Tribological Thermostability of Carbon Film with Vertically Aligned Graphene Sheets

Tribological thermostability of carbon film with vertically aligned graphene sheets was studied with annealing temperatures up to 1,750 A degrees C. The carbon film was deposited on silicon carbide substrate by electron cyclotron resonance plasma sputtering. Tribological thermostabilities of the carbon film in terms of friction coefficient, wear life, and nanoscratch depth were investigated by Pin-on-Disk tribometer and atomic force microscopy. The evolution of nanostructure of vertically aligned graphene sheets in the carbon film as a function of annealing temperature was examined by Raman spectroscopy and transmission electron microscopy.
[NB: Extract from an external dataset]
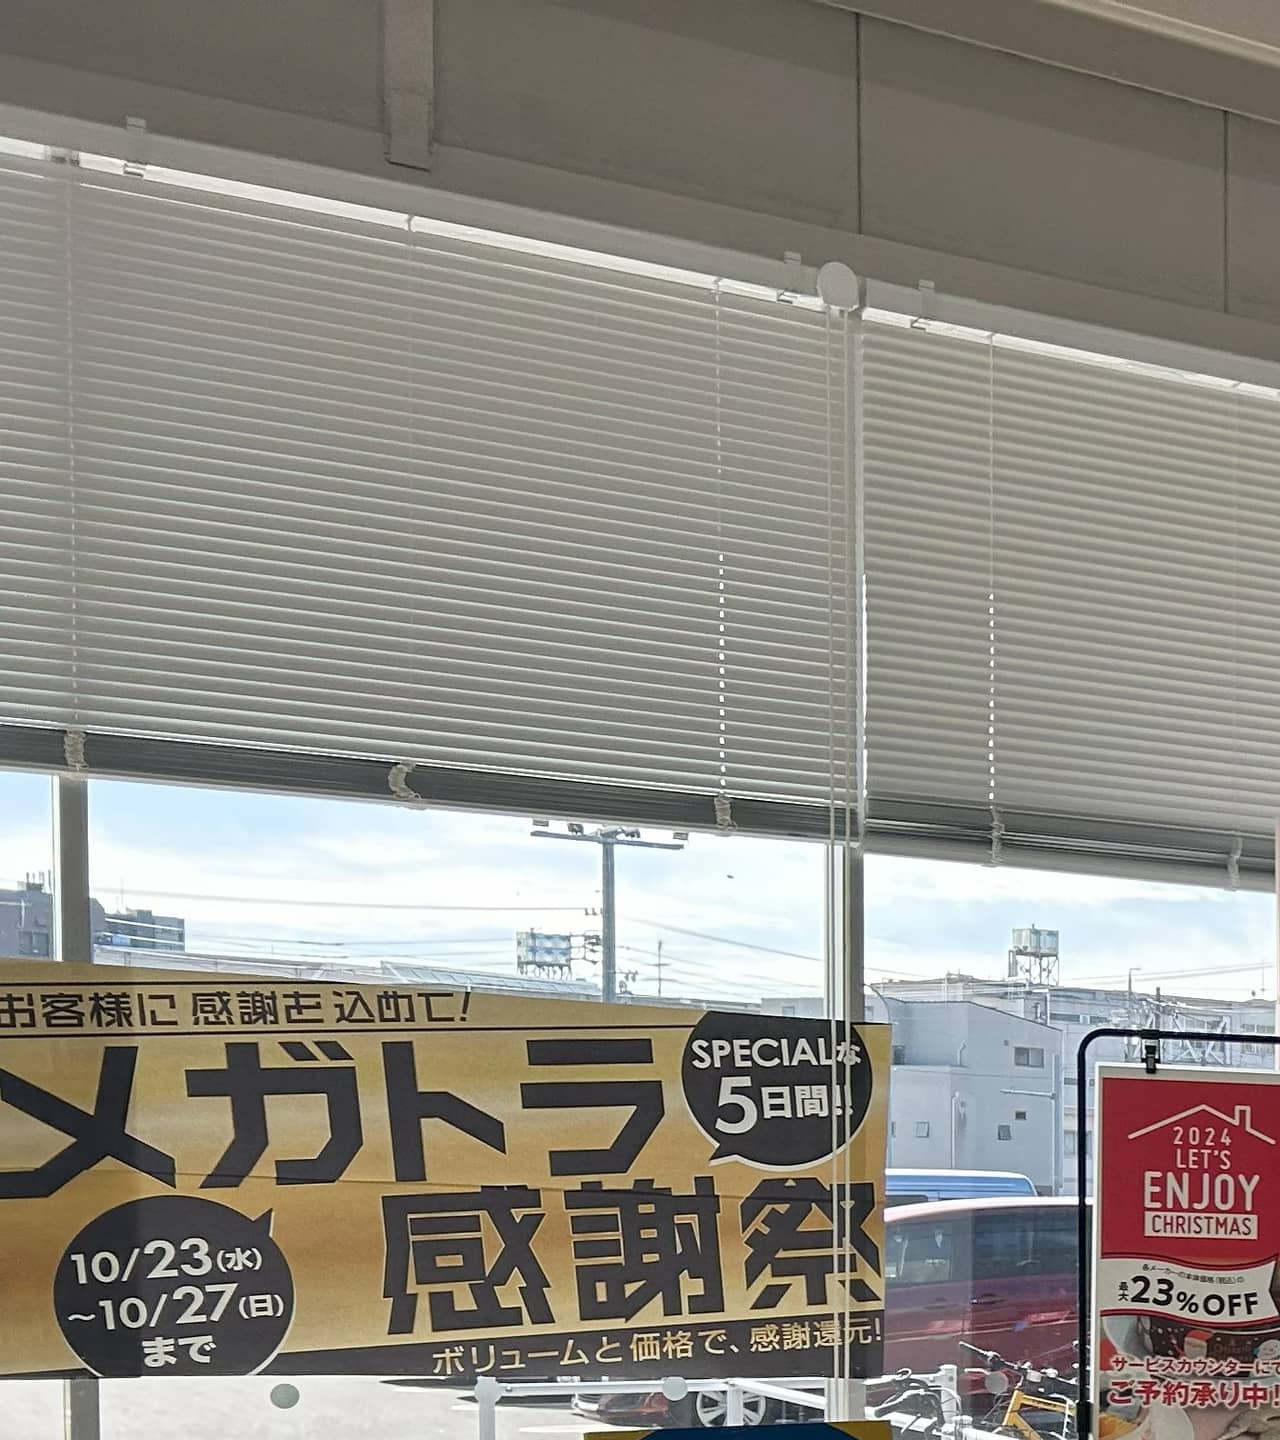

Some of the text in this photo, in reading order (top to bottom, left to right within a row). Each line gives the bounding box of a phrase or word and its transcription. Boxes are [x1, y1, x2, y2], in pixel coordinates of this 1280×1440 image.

The results showed that the friction coefficient, wear life, and nanoscratch depth of the carbon film were thermally stable up to 1,250 A degrees C. When the annealing temperature was 1,500 A degrees C, the friction coefficient and the nanoscratch depth increased, the wear life decreased, but still all were of considerable values. These variations were attributed to the initiation of tubular-like structure originated from graphene sheets stacks. After annealing at 1,750 A degrees C, tribological performances degraded catastrophically due to the abundant formation of tubular-like structures and the appearance of a graphitic interlayer between the film and the substrate.